この長谷川という青年は、充実した生活を送る学生を体現しているように思えた。

長谷川は、自然に伸びた細い髪をほんの少しだけ染め上げて、ニコニコと部品を崩すことによって、ハンサムな顔をあえて歪めていた。

の田牧さんですか?」

 不躾な質問に思わず少しむっとしてしまう。もちろん、それが出力されることは無い。こんな感情を抱いたのは一体何時ぶりだろう。

 長谷川は、一つの作業台で僕と隣り合わせになりブラウンの古びた革靴を一足用意し、その片割れを僕に渡した。

長い指が伸びて作業台に設置された照明を点灯させると、歳のわりに鋭い輪郭が強調される。

「田牧さん、この靴はから来ています。

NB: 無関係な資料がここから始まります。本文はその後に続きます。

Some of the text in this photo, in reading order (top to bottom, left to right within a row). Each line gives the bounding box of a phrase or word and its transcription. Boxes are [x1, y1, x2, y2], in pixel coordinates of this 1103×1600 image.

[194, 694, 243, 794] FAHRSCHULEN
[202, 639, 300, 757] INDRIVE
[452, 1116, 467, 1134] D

嗅いでみてください」

差し出された靴の中を恐る恐る嗅いでみた。無臭と言えば無臭だが革と言えば革だし黴臭いと言えばそうだった。

 長谷川が用意しておいてくれた2セット分のブラシと布と刷毛と薬品で入念に靴全体の埃や汚れやカビを落とす、やり方は、すぐ隣の長谷川の手順をそのまま真似た。

すると、それだけでくすんだ靴の横腹は鈍く輝く、この靴は、まだ終わらない。そう確信する。

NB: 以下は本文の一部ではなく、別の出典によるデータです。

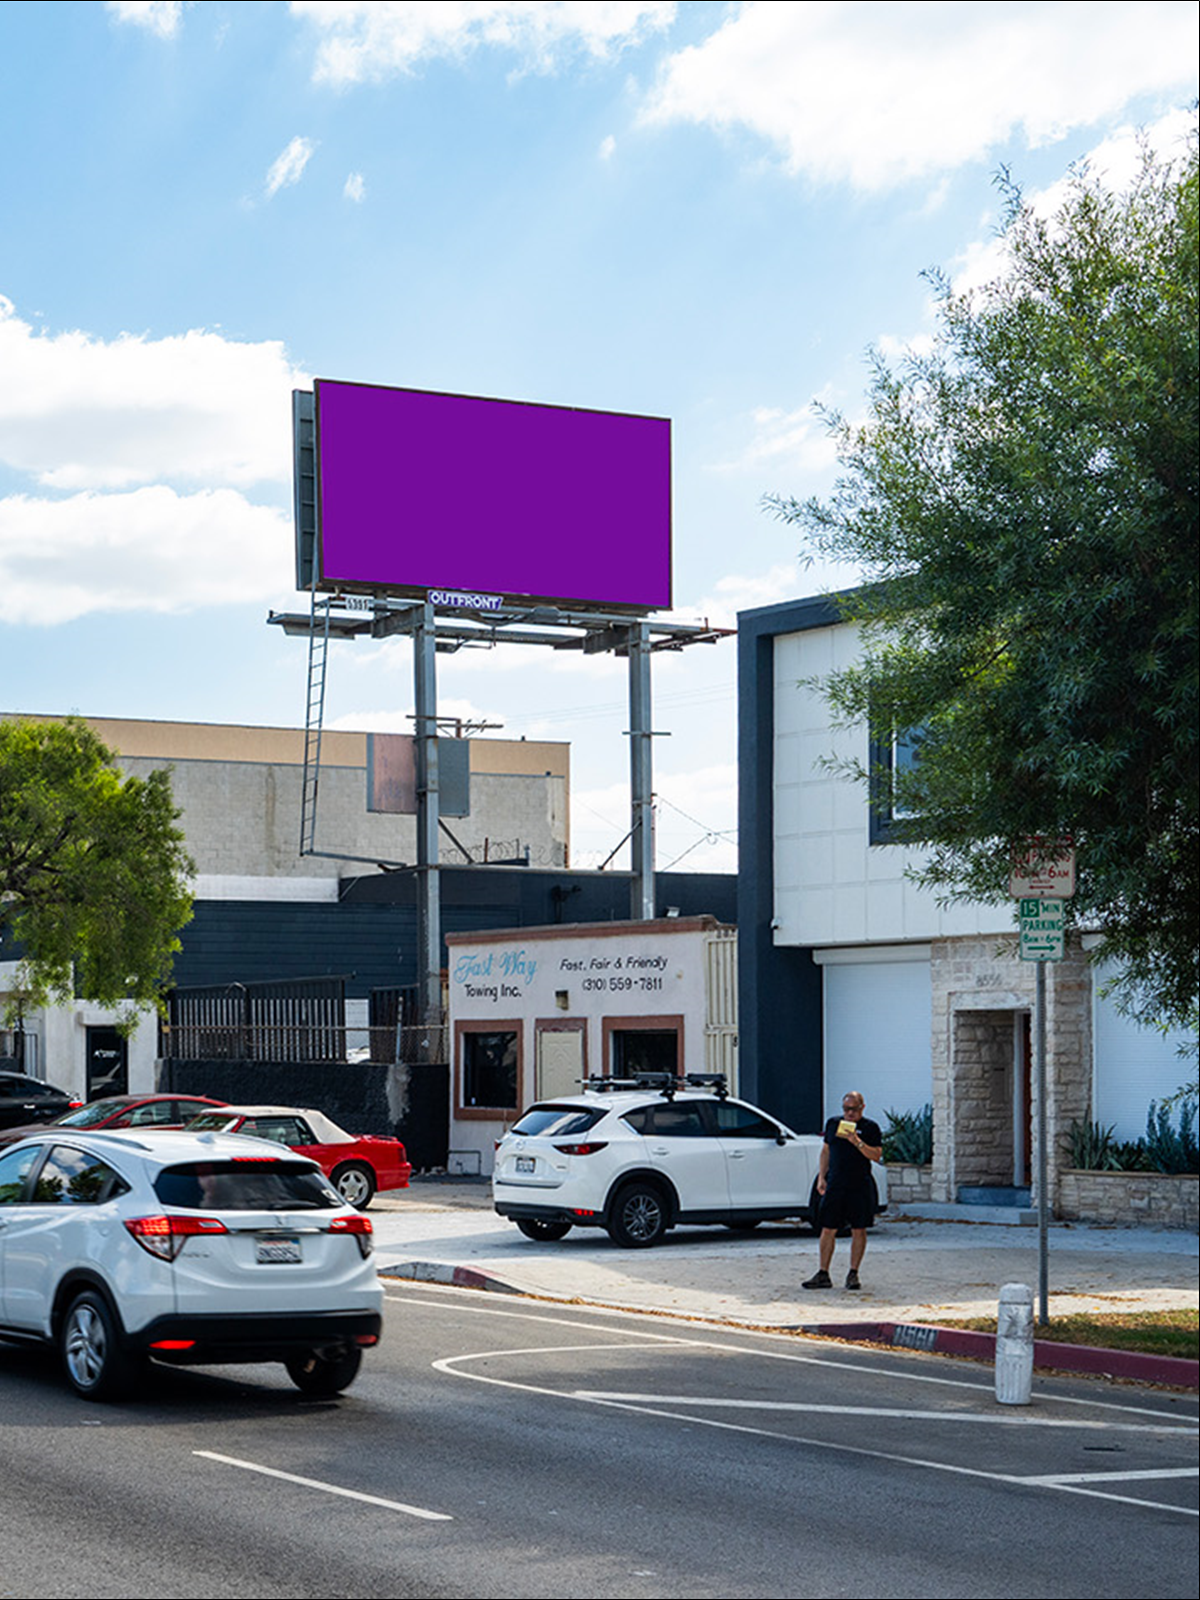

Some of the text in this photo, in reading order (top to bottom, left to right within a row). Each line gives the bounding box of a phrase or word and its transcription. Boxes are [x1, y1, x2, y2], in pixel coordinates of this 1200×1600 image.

「良いですね、結構器用なんですね。これは最後にやっても良いんですけど。汚れた靴を扱うと余計なとこまで汚れちゃいますから、俺はいつも初めに一回済ませちゃいます。次は、見てください。田牧さんの方は、大丈夫ですけどこの人、左側に体重が偏ってるのか俺の方の靴底はすり減って穴が開いています。これを修理しましょ」

長谷川は立ち上がると更衣室の隣の部屋に僕を誘導した。

 壁一面に小さな下駄箱のようなものが立ち並ぶその部屋には、多種多様な靴のパーツで部屋中がびっしりと埋め尽くされていた。

「ここから、出来るだけ同じものを探して貼り付けましょ。使ったやつはきちんとこのノートに書いておいてくださいね」

薄紫色と灰色のノートには、汚い字で№と枚数、日付、そして顧客の情報が細かに記載されていた。

「文字は、書けますね?」


 靴底を剥いで、コルクを剥いで、残った糸を取り除き。

最低限必要な所だけを取り換える。松脂をしみこませた太い糸で特にすり減った部分に皮を縫い付けし、接着剤で解いたコルクを丁寧に丁寧に塗り付ける。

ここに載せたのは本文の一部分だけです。